SUPPLIED MATERIAL: Begin
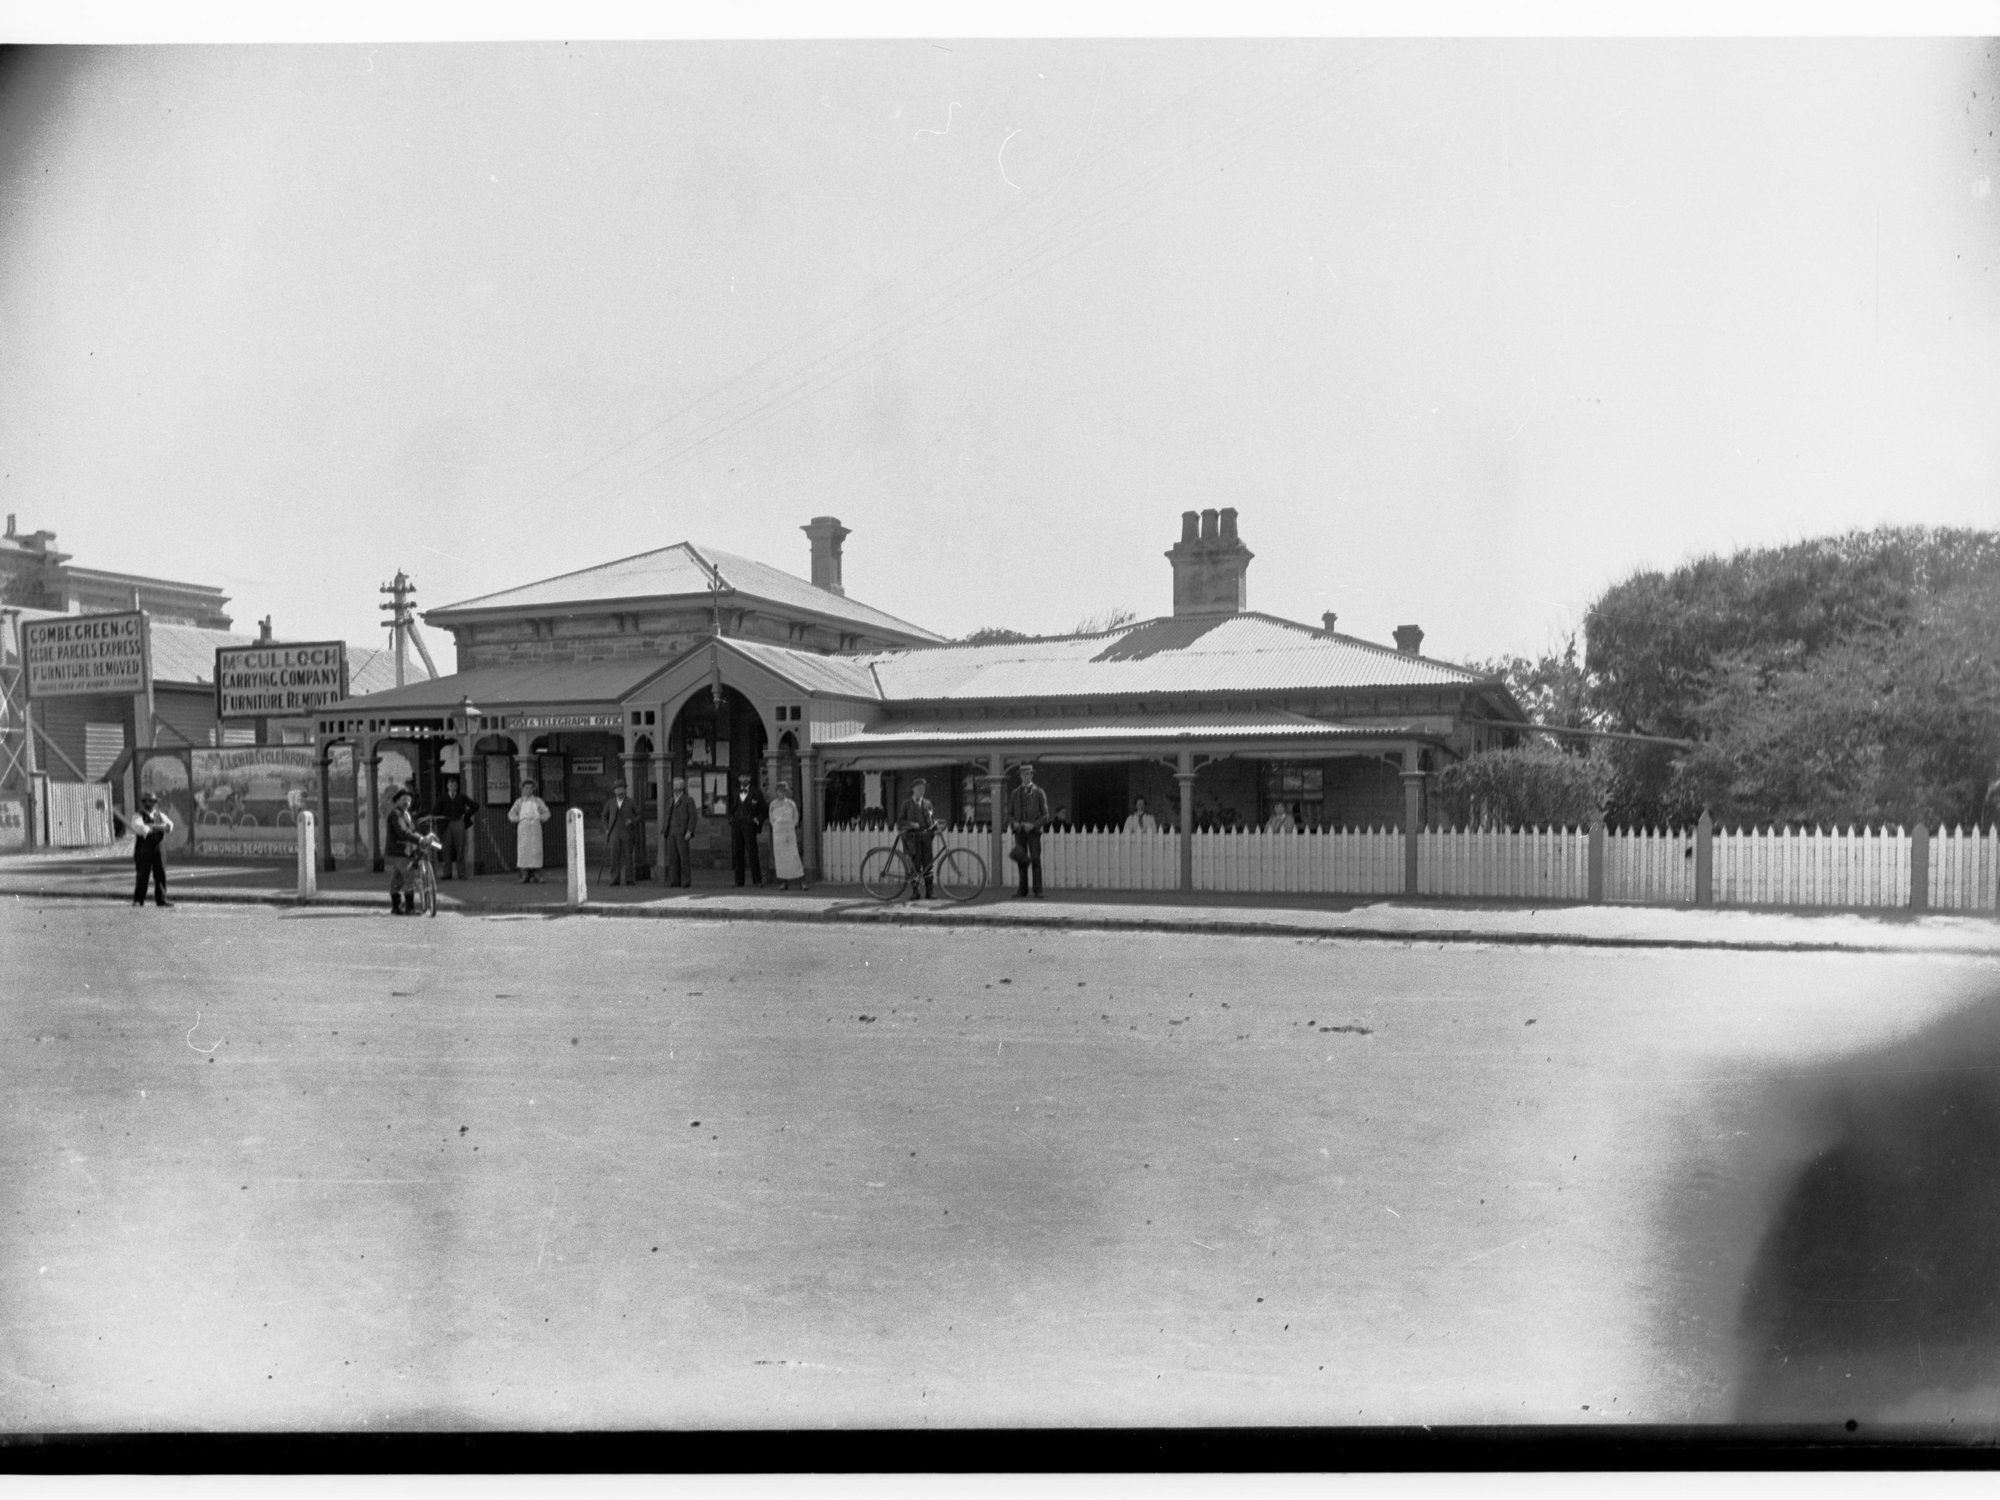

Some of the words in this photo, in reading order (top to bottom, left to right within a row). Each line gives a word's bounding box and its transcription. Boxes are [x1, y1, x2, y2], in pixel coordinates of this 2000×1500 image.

[75, 621, 119, 639] GREEN
[58, 642, 98, 660] PARCELS
[100, 640, 141, 657] EXPRESS
[33, 662, 91, 683] FURNITURE
[93, 660, 140, 678] REMOVED
[222, 671, 278, 689] CARRYING
[280, 668, 339, 687] COMPANY
[222, 692, 285, 711] FURNITURE
[508, 717, 527, 728] POST
[538, 716, 590, 728] TELEGRAPH
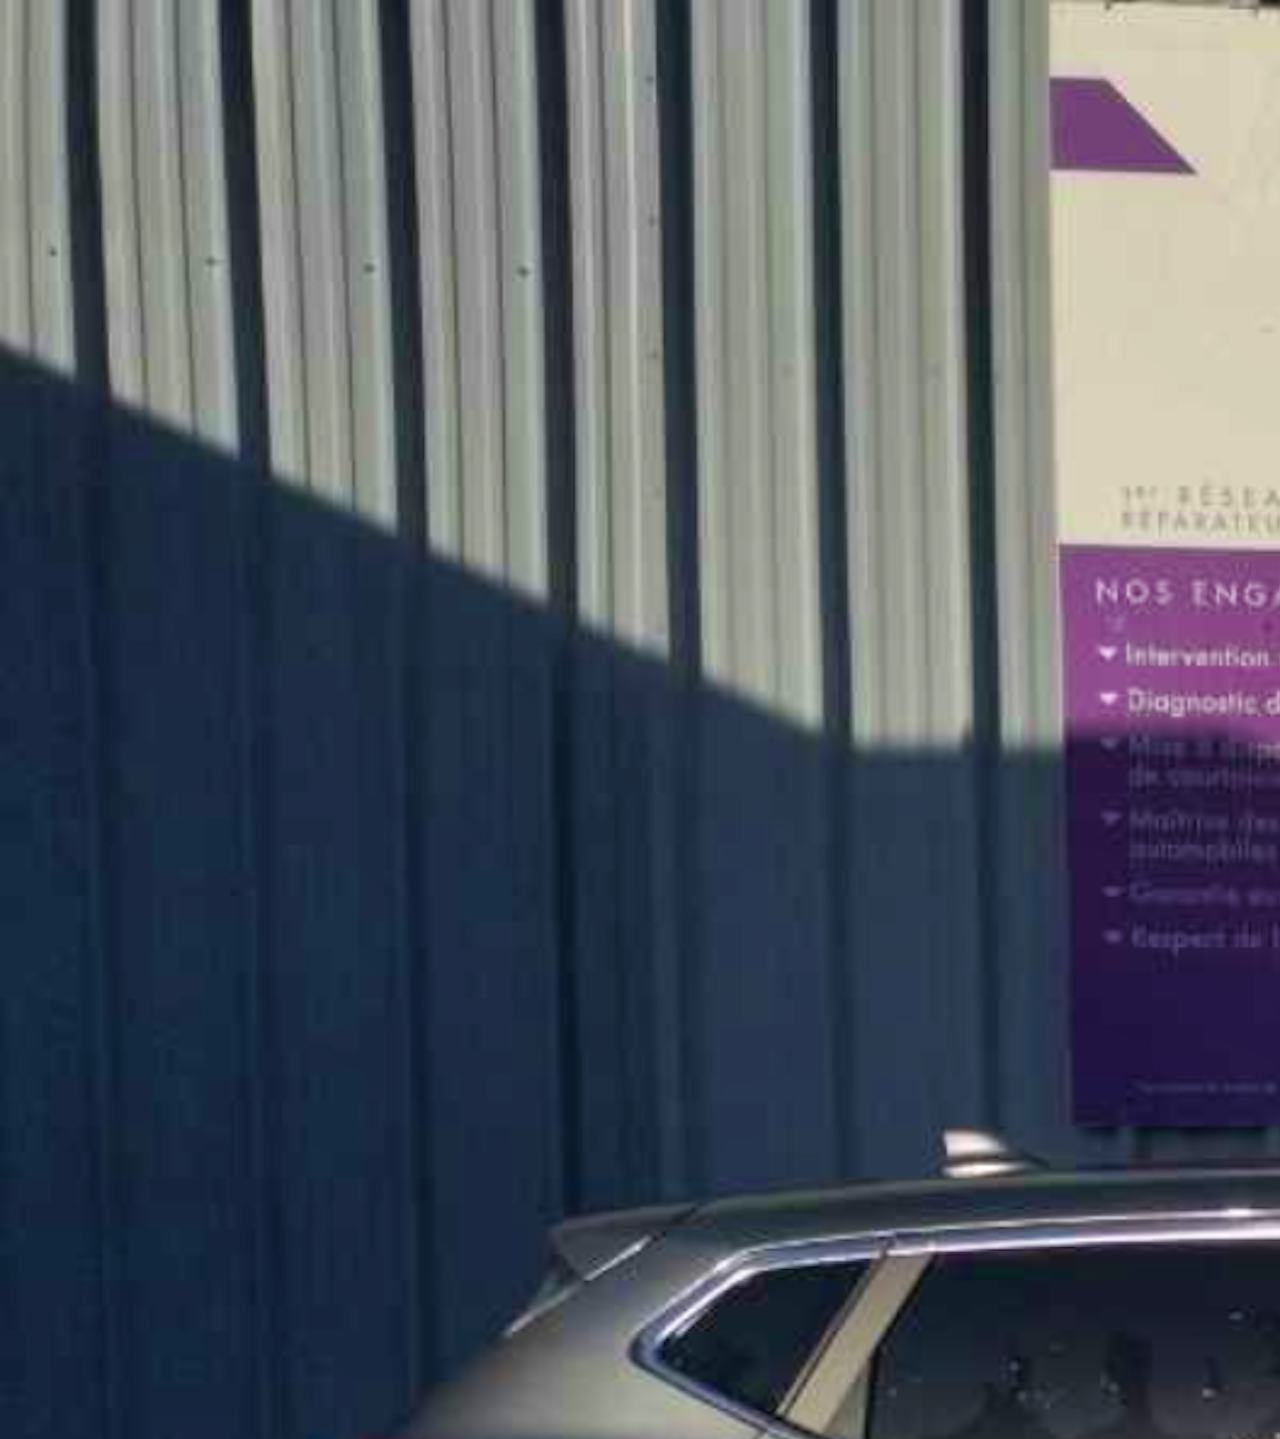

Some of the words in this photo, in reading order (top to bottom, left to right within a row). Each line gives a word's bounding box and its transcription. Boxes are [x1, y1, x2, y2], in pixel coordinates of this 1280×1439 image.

[1096, 578, 1173, 606] NOS
[1126, 643, 1269, 667] Intervention
[1128, 688, 1259, 717] Diagnostic
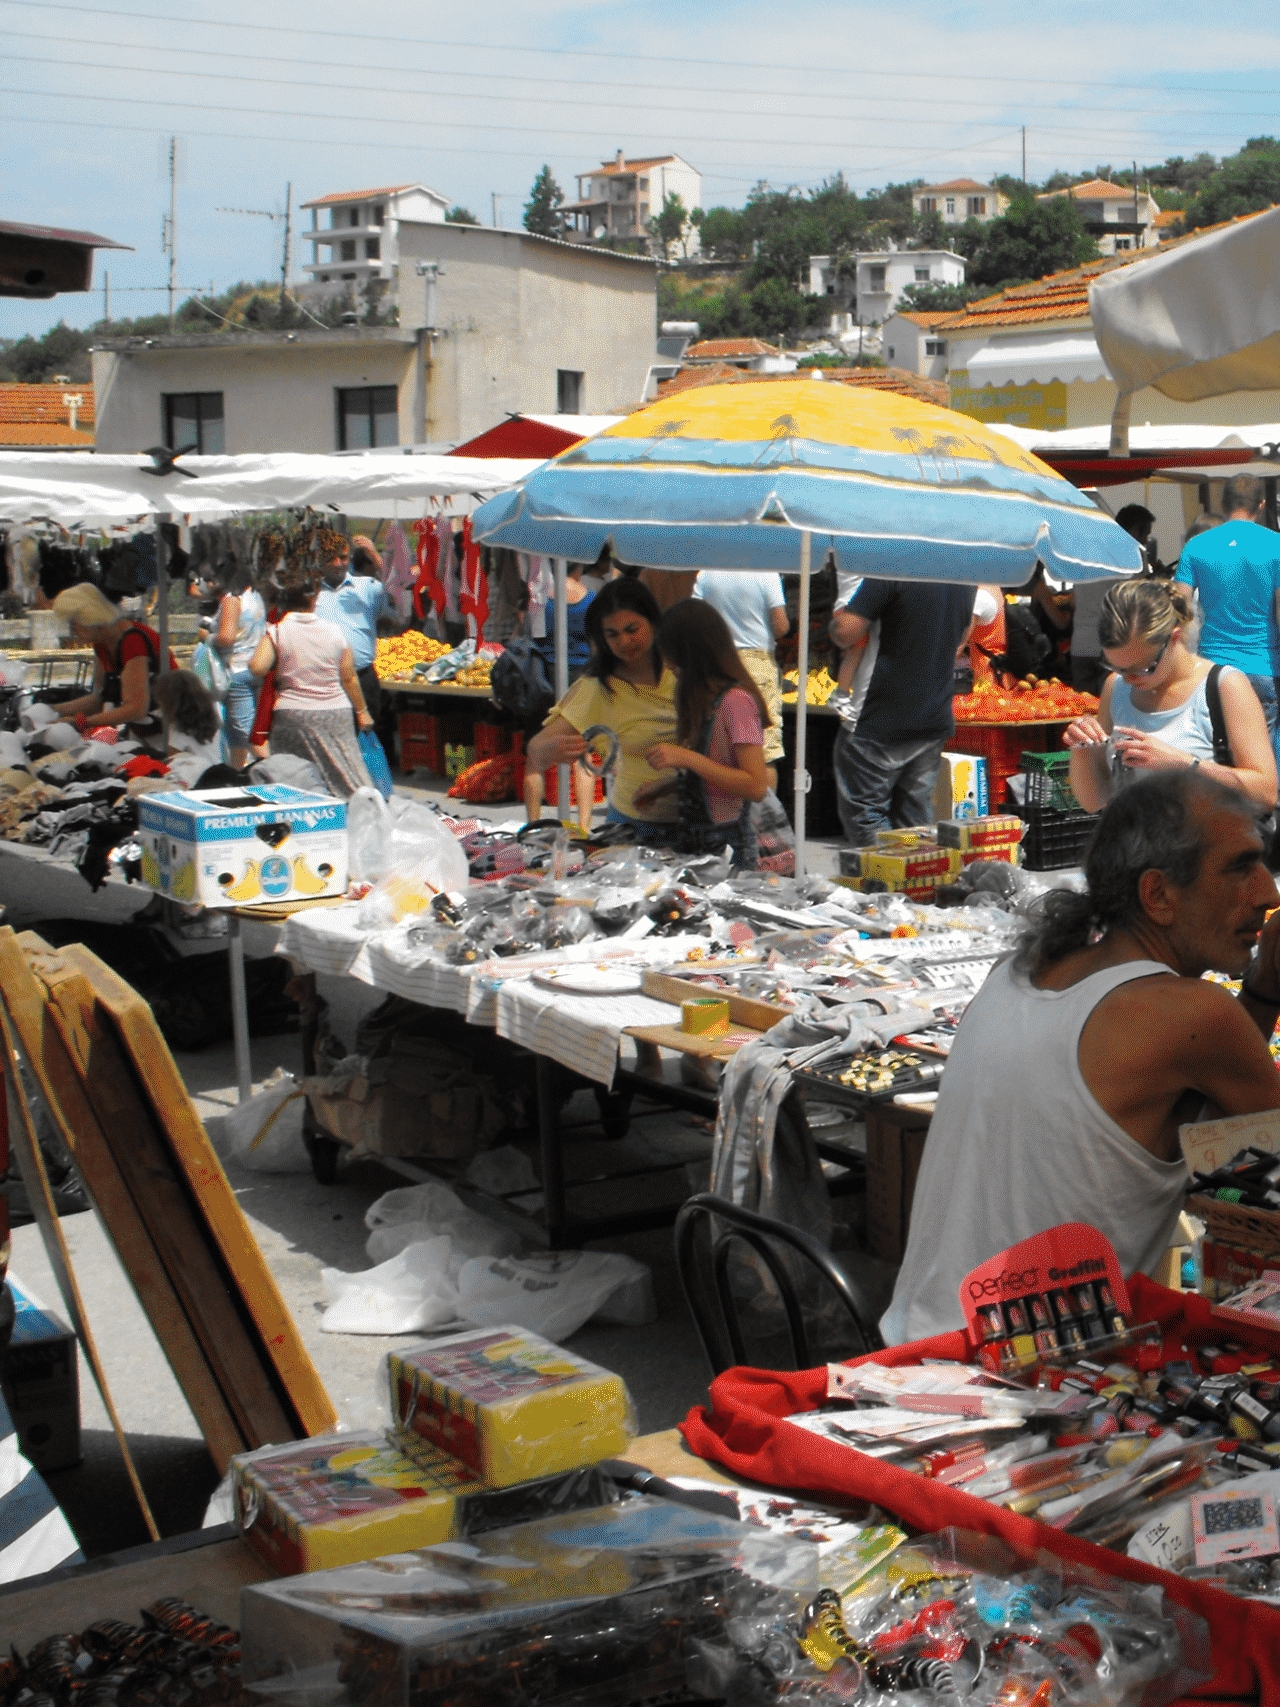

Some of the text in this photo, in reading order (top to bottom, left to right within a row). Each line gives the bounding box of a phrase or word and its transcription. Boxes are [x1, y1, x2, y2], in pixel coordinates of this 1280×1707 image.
SUPPLIED MATERIAL: End
**TASK ITEM:**
Transcribe the listing above verbatim. No picture belongs in the result.

**EXPECTED OUTPUT:**
Some of the words in this photo, in reading order (top to bottom, left to right within a row). Each line gives a word's bounding box and its transcription. Boxes are [x1, y1, x2, y2], in pixel coordinates of this 2000×1500 image.

[75, 621, 119, 639] GREEN
[58, 642, 98, 660] PARCELS
[100, 640, 141, 657] EXPRESS
[33, 662, 91, 683] FURNITURE
[93, 660, 140, 678] REMOVED
[222, 671, 278, 689] CARRYING
[280, 668, 339, 687] COMPANY
[222, 692, 285, 711] FURNITURE
[508, 717, 527, 728] POST
[538, 716, 590, 728] TELEGRAPH

Some of the words in this photo, in reading order (top to bottom, left to right within a row). Each line gives a word's bounding box and its transcription. Boxes are [x1, y1, x2, y2], in pixel coordinates of this 1280×1439 image.

[1096, 578, 1173, 606] NOS
[1126, 643, 1269, 667] Intervention
[1128, 688, 1259, 717] Diagnostic

Some of the text in this photo, in reading order (top to bottom, left to right within a row). Each line gives the bounding box of a phrase or word and its transcription. Boxes are [x1, y1, x2, y2], in pixel coordinates of this 1280×1707 image.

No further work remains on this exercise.